What is required:
Return verbatim the portion of the material below that starts at the line containing "Some of the text" and ends at its last line.

Listed records:
****

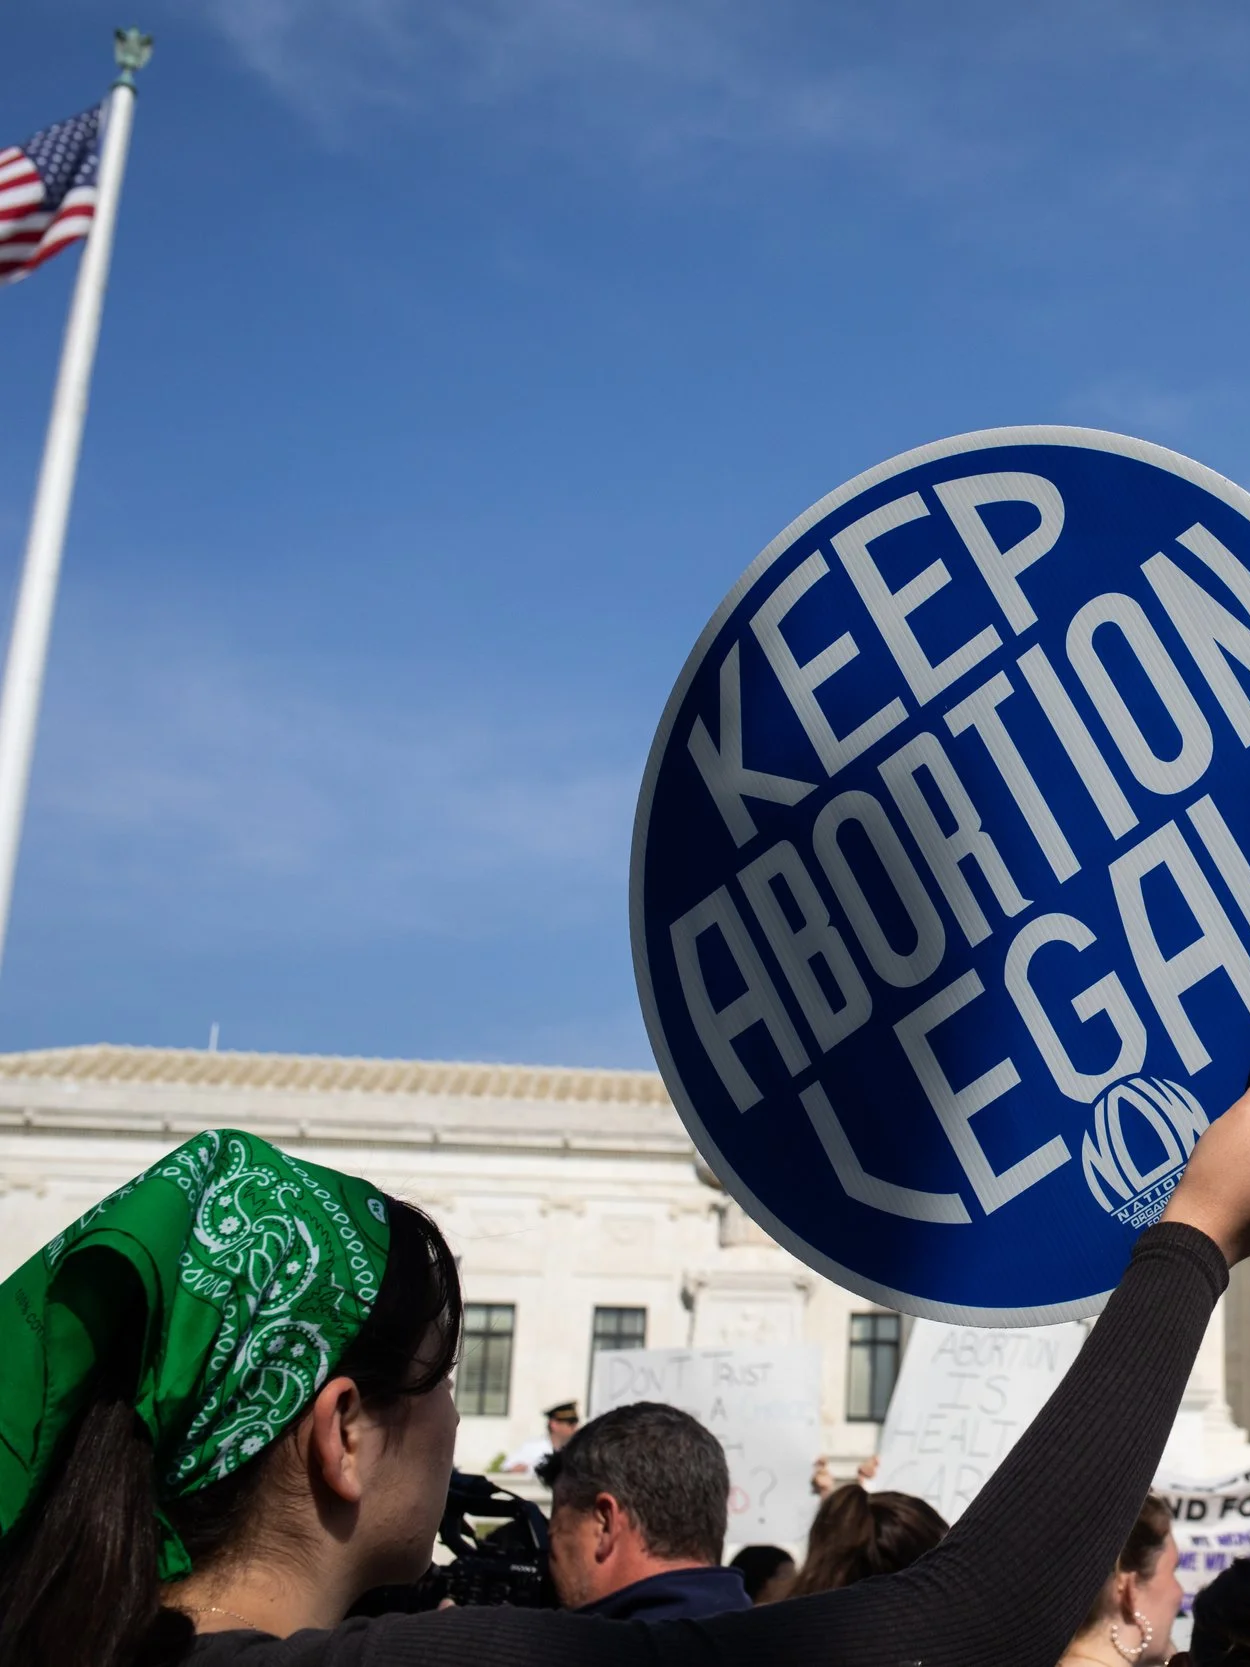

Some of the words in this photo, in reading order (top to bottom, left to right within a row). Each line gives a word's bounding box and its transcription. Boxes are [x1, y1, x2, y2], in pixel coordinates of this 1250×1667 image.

[687, 471, 1065, 848] KEEP
[1081, 1076, 1211, 1213] NOW
[930, 1328, 1060, 1373] ABORTION
[937, 1371, 1011, 1415] IS
[888, 1407, 1019, 1458] HEALT
[883, 1461, 992, 1519] CAR
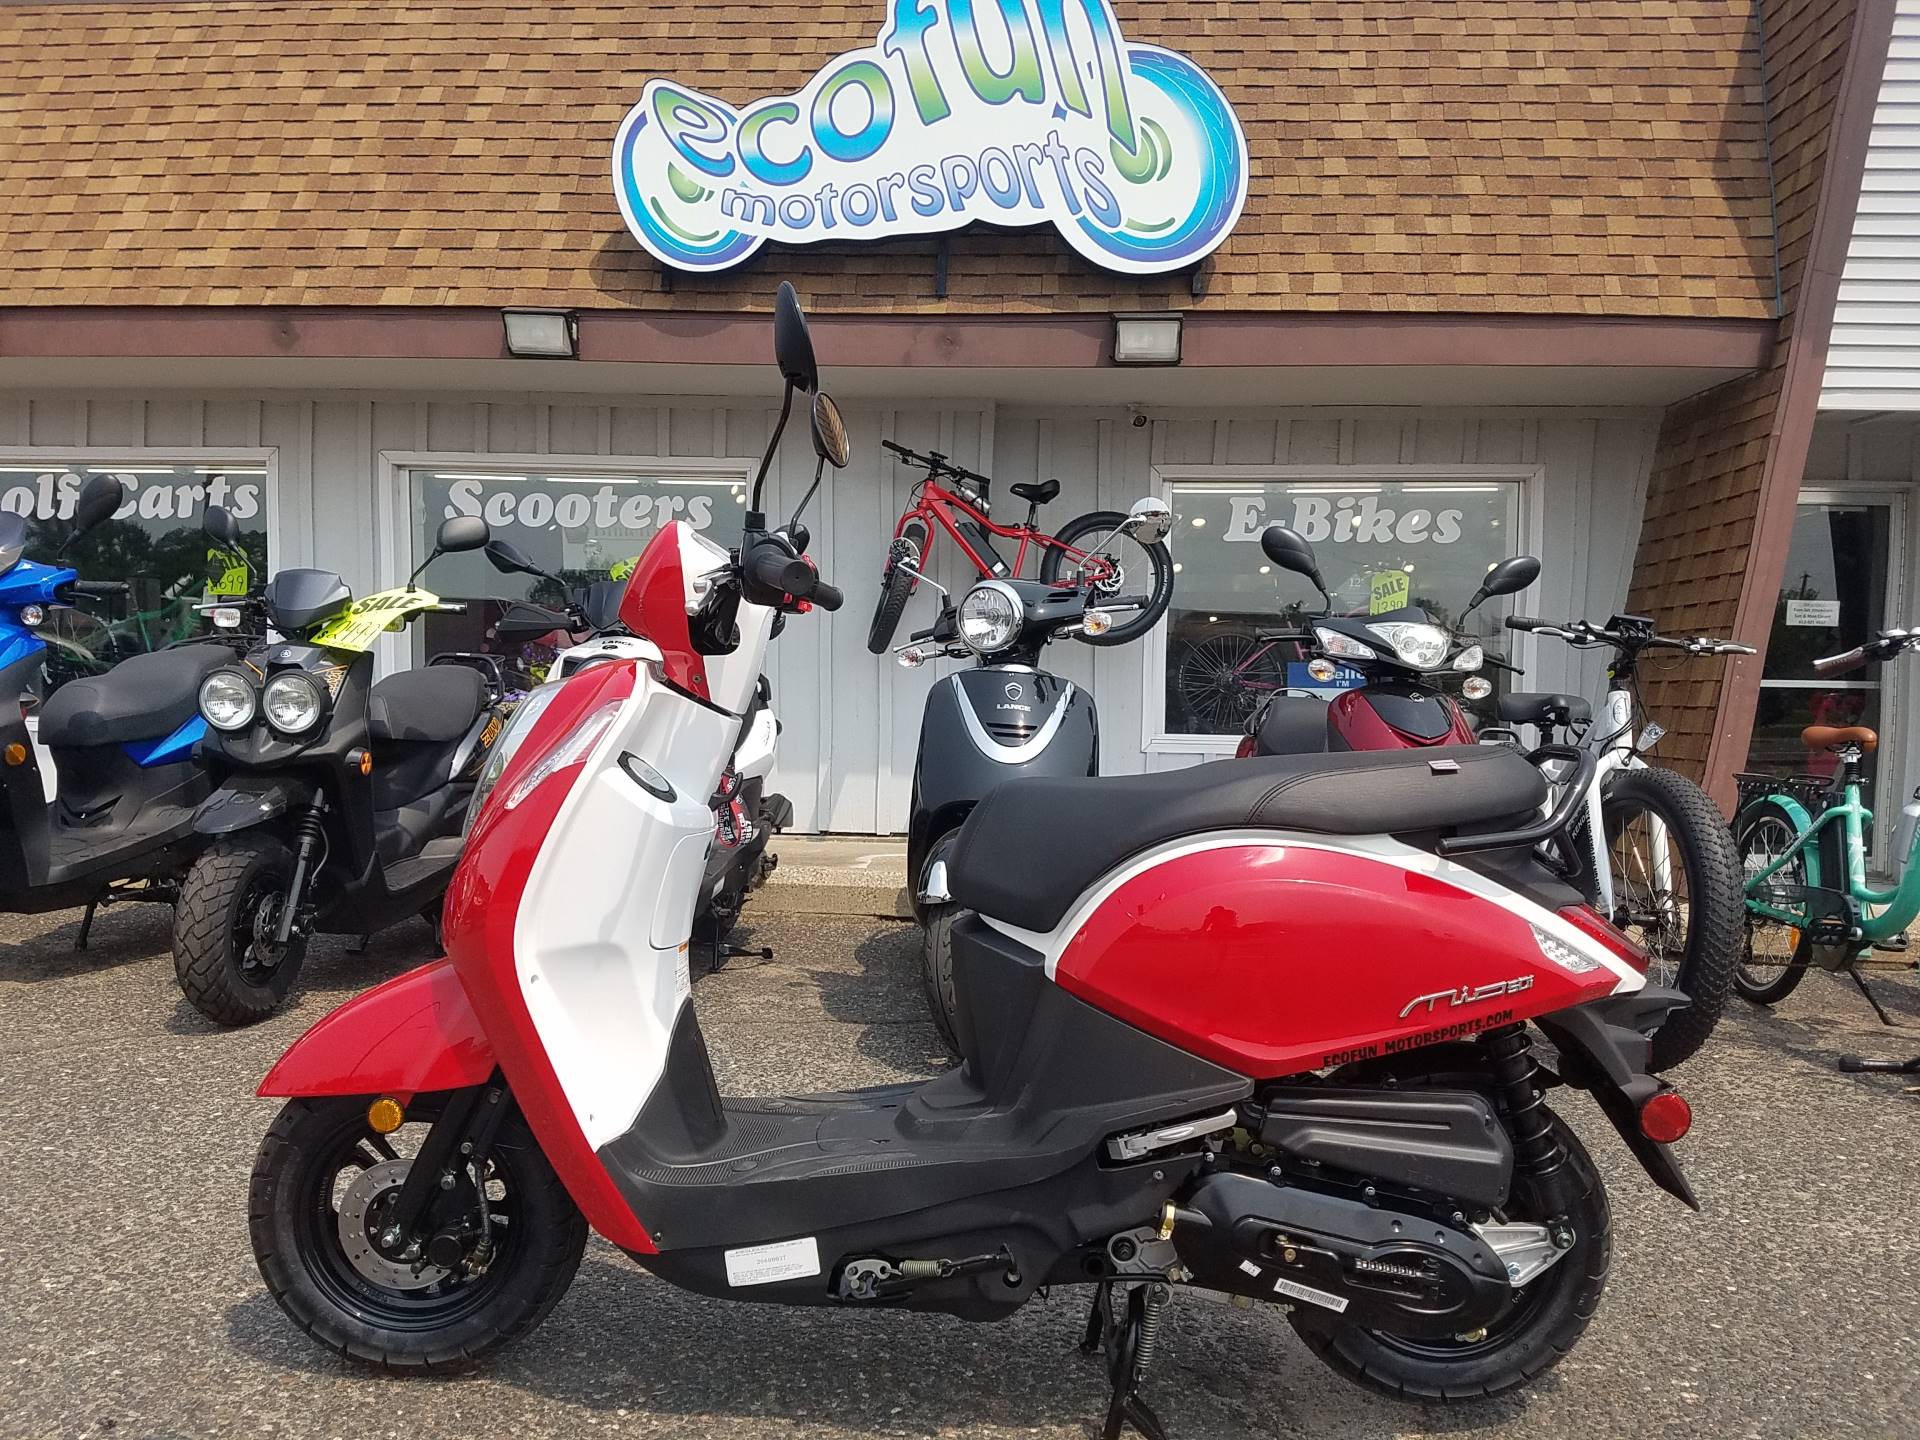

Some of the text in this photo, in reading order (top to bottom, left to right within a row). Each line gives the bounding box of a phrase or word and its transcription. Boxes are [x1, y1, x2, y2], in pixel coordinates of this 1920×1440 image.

[720, 129, 1123, 231] motorsports
[109, 474, 259, 520] Carts
[443, 479, 714, 531] Scooters
[1223, 496, 1463, 545] E-Bikes
[351, 596, 423, 615] SALE
[1373, 577, 1406, 601] SALE
[996, 703, 1032, 712] LANCE
[1322, 1009, 1513, 1068] ECOFUN MOTORSPORTS.COM

****

Output for this task:
Some of the text in this photo, in reading order (top to bottom, left to right within a row). Each line gives the bounding box of a phrase or word and its transcription. Boxes are [x1, y1, x2, y2], in pixel coordinates of this 1920×1440 image.

[720, 129, 1123, 231] motorsports
[109, 474, 259, 520] Carts
[443, 479, 714, 531] Scooters
[1223, 496, 1463, 545] E-Bikes
[351, 596, 423, 615] SALE
[1373, 577, 1406, 601] SALE
[996, 703, 1032, 712] LANCE
[1322, 1009, 1513, 1068] ECOFUN MOTORSPORTS.COM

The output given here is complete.